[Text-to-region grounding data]
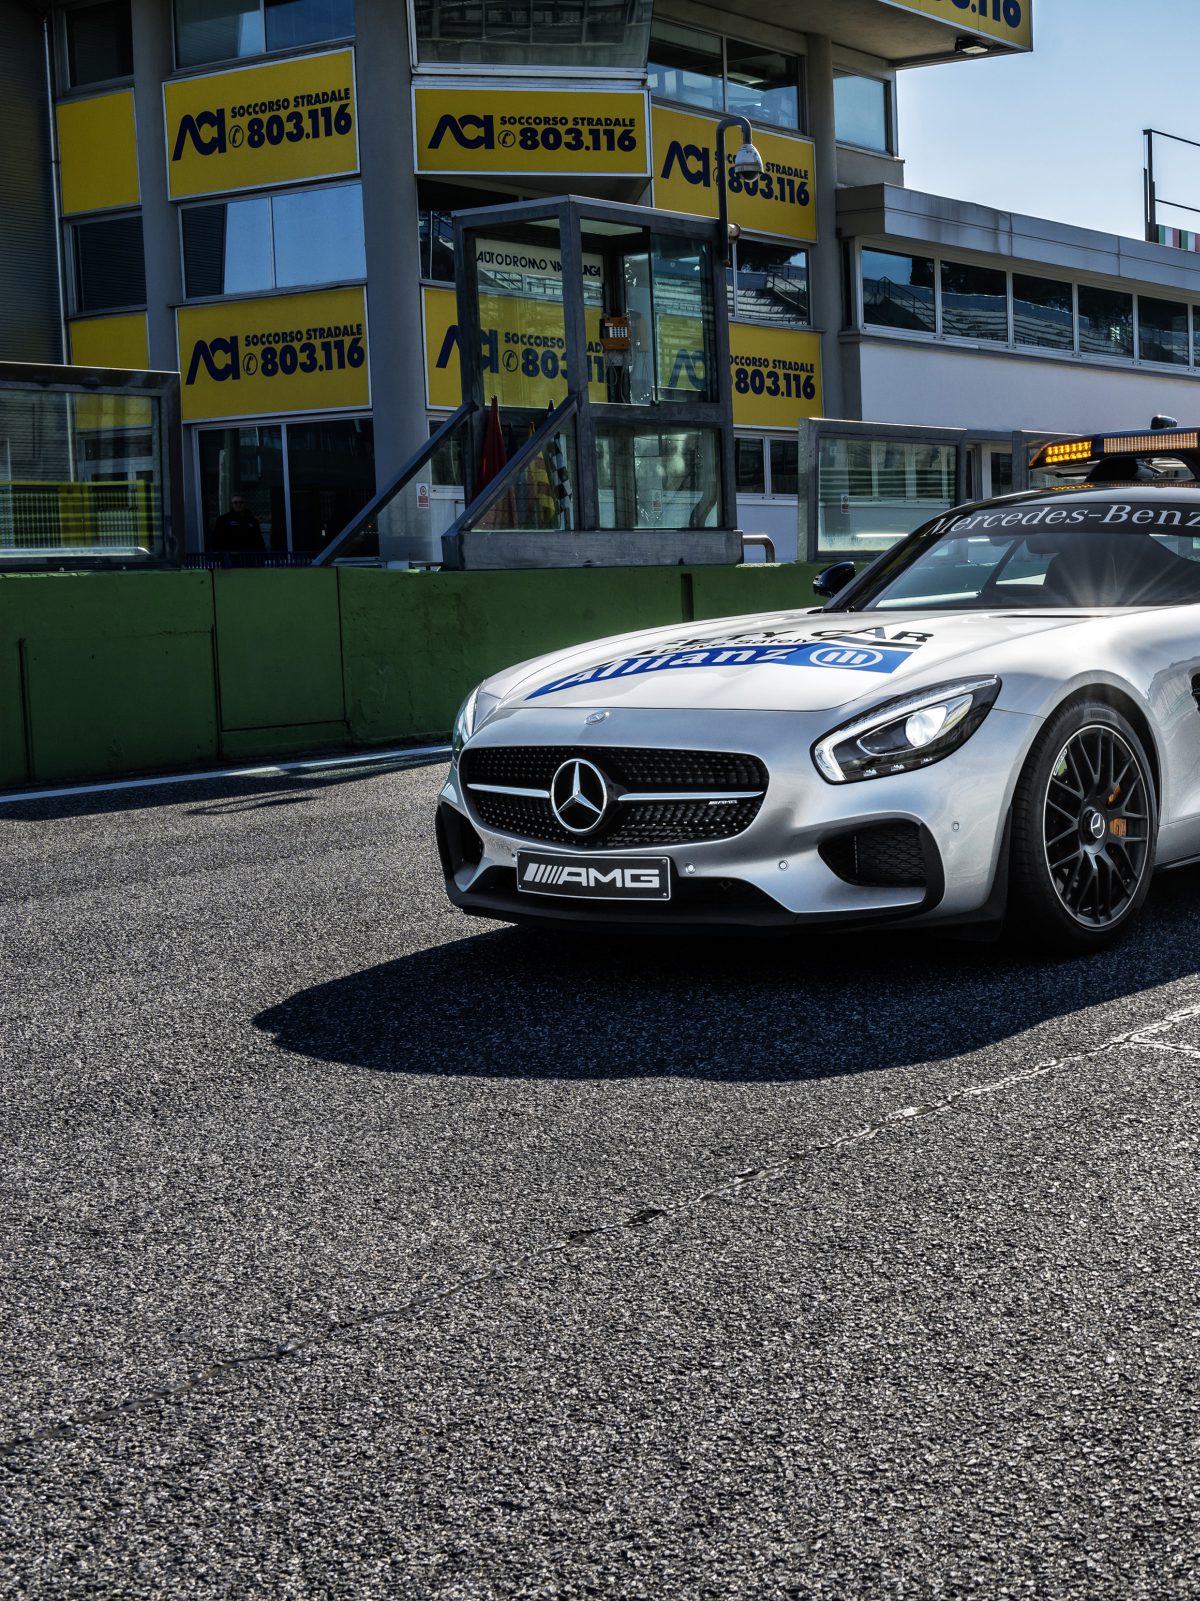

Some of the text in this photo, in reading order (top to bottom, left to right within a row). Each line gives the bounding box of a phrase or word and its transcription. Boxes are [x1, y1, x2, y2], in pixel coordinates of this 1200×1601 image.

[231, 88, 350, 118] SOCCORSO STRADALE
[172, 108, 227, 161] ACI
[247, 103, 352, 148] 803.116
[428, 114, 495, 149] ACI
[500, 116, 636, 127] SOCCORSO STRADALE
[519, 127, 637, 152] 803.116
[661, 140, 710, 187] ACI
[766, 162, 808, 180] STRADALE
[477, 251, 547, 270] AUTODROMO
[244, 323, 362, 347] SOCCORSO STRADALE
[504, 332, 564, 349] SOCCORSO
[185, 335, 241, 385] ACI
[260, 337, 365, 377] 803.116
[772, 359, 814, 373] STRADALE
[735, 367, 815, 400] 803.116
[811, 626, 934, 643] CAR
[549, 647, 798, 691] Allianz
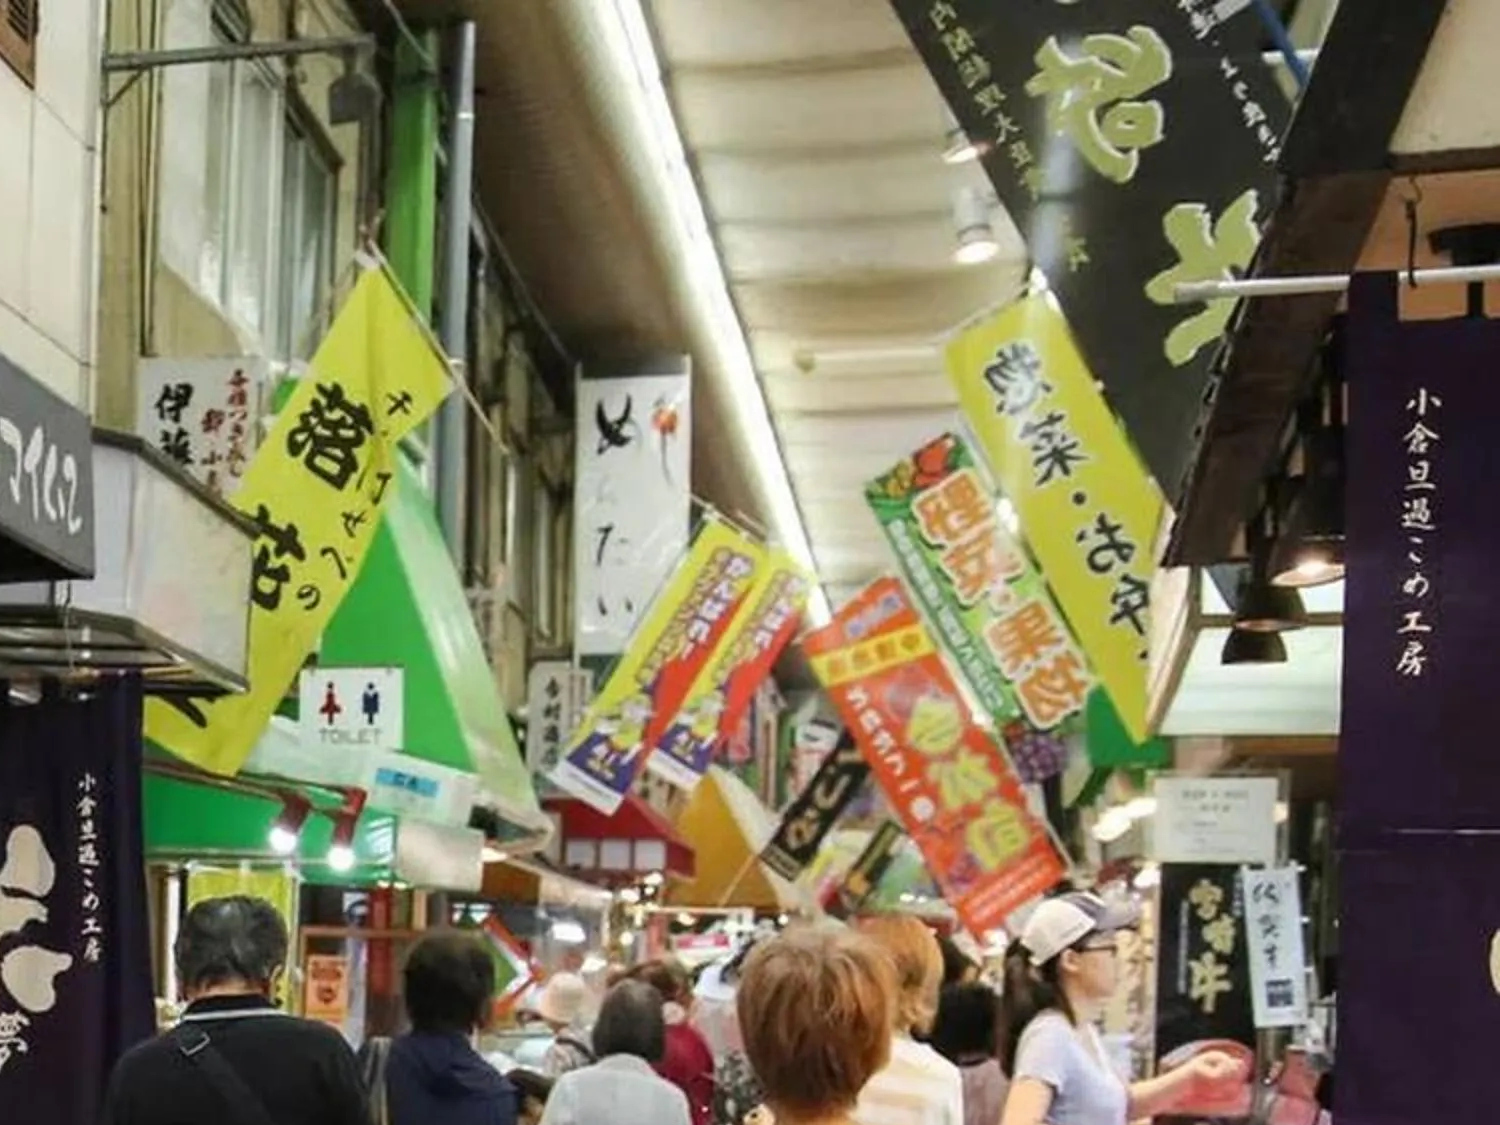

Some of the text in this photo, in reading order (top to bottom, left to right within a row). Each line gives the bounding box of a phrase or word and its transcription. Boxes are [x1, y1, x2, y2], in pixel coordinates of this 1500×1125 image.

[1396, 387, 1443, 676] 小倉旦過こめ工房
[319, 727, 383, 745] TOILET
[76, 772, 104, 963] 小倉旦過こめ工房

> _WHAT IS REQUIRED_
Your reply should be the full data above, copied exactly, with no pictures in it.

> _SOLUTION TO THIS PROBLEM_
Some of the text in this photo, in reading order (top to bottom, left to right within a row). Each line gives the bounding box of a phrase or word and its transcription. Boxes are [x1, y1, x2, y2], in pixel coordinates of this 1200×1601 image.

[231, 88, 350, 118] SOCCORSO STRADALE
[172, 108, 227, 161] ACI
[247, 103, 352, 148] 803.116
[428, 114, 495, 149] ACI
[500, 116, 636, 127] SOCCORSO STRADALE
[519, 127, 637, 152] 803.116
[661, 140, 710, 187] ACI
[766, 162, 808, 180] STRADALE
[477, 251, 547, 270] AUTODROMO
[244, 323, 362, 347] SOCCORSO STRADALE
[504, 332, 564, 349] SOCCORSO
[185, 335, 241, 385] ACI
[260, 337, 365, 377] 803.116
[772, 359, 814, 373] STRADALE
[735, 367, 815, 400] 803.116
[811, 626, 934, 643] CAR
[549, 647, 798, 691] Allianz

Some of the text in this photo, in reading order (top to bottom, left to right within a row). Each line gives the bounding box of a phrase or word and its transcription. Boxes are [x1, y1, x2, y2], in pixel coordinates of this 1500×1125 image.

[1396, 387, 1443, 676] 小倉旦過こめ工房
[319, 727, 383, 745] TOILET
[76, 772, 104, 963] 小倉旦過こめ工房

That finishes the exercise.